© ANSA Juve, Vlahovic e la libertà di labiale
Non è neanche il caso di scomodare Orwell e il suo “1984”, con questi poveracci così coatti, così compressi, così spiati dall’occhiuto Grande Fratello, da non riuscire più a respirare. Qui siamo a un livello molto più infimo, settore bassa macelleria, diciamo dentro a un telefilm americano, quelli di una volta, quando il poliziotto metteva le manette al farabutto e gli pronunciava la famosa formula «... ogni parola potrà essere usata contro di te», eccetera eccetera.

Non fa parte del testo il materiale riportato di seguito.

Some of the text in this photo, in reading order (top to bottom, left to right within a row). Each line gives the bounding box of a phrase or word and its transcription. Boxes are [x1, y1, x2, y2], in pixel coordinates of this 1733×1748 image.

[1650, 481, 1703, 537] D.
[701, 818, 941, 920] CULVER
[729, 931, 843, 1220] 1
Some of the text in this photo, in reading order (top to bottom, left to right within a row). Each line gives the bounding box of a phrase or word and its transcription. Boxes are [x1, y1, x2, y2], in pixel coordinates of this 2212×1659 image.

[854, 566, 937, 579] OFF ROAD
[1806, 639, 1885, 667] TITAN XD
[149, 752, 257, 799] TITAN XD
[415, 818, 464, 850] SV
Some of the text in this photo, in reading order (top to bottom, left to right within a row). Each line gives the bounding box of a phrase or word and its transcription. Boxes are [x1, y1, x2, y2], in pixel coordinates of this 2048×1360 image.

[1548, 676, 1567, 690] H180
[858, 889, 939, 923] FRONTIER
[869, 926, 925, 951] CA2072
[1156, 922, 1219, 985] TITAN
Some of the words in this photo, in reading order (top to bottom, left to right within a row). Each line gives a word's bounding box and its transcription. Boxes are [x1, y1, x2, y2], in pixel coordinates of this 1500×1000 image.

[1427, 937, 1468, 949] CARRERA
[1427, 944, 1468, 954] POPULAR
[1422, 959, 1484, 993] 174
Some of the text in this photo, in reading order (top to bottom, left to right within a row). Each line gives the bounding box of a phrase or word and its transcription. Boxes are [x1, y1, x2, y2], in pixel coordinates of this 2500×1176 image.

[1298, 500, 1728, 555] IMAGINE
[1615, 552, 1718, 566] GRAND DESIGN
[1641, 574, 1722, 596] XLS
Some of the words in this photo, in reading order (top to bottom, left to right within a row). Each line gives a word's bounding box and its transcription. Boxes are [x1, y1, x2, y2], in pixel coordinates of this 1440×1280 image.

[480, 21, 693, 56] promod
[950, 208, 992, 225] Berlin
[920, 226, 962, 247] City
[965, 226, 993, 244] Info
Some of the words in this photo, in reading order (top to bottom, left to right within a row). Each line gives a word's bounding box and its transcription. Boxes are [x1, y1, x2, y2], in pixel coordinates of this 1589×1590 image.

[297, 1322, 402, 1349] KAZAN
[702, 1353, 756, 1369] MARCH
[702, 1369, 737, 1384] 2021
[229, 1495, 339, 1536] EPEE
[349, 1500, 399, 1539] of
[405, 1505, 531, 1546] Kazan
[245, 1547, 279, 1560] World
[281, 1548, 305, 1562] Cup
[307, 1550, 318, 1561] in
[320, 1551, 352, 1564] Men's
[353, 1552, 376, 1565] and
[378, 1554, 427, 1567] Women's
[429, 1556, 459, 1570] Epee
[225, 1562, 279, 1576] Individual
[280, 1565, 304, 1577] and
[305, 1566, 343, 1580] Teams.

Siamo nell’epoca d’oro della privacy tutelata e controfirmata in tutto e per tutto, ma continuiamo imperterriti a sbirciare in tutti i buchi della serratura. Siamo al punto che è un labiale usato in un certo modo a costruire la realtà più funzionale al mercato. Con un buon labiale puoi tenere in piedi mezz’ora di dibattito, puoi elaborare titoli ficcanti, puoi persino incidere negli equilibri di una squadra. Poi ti credo che la gente va in giro in quel modo pietoso, con la mano davanti alla bocca, eventualmente rimettiamoci la mascherina delle pandemie, perché no, è un’idea...
È così moderno, tutto questo? Può darsi davvero che siamo arrivati molto avanti. Nella stagione sinistra dei dossieraggi, degli spioni informatici, delle voci finte ricostruite con l’Intelligenza Artificiale per spillare soldi ai Moratti, siamo qui a impiccare Vlahovic sul labiale di Como. Ma come nel “1984” di Orwell, la sensazione è che ci siamo conquistati questo paradiso sacrificando qualcosa di parecchio prezioso, qualcosa che nonostante tutto vale ancora tutto, la libertà. Il fatto è che indietro non si torna.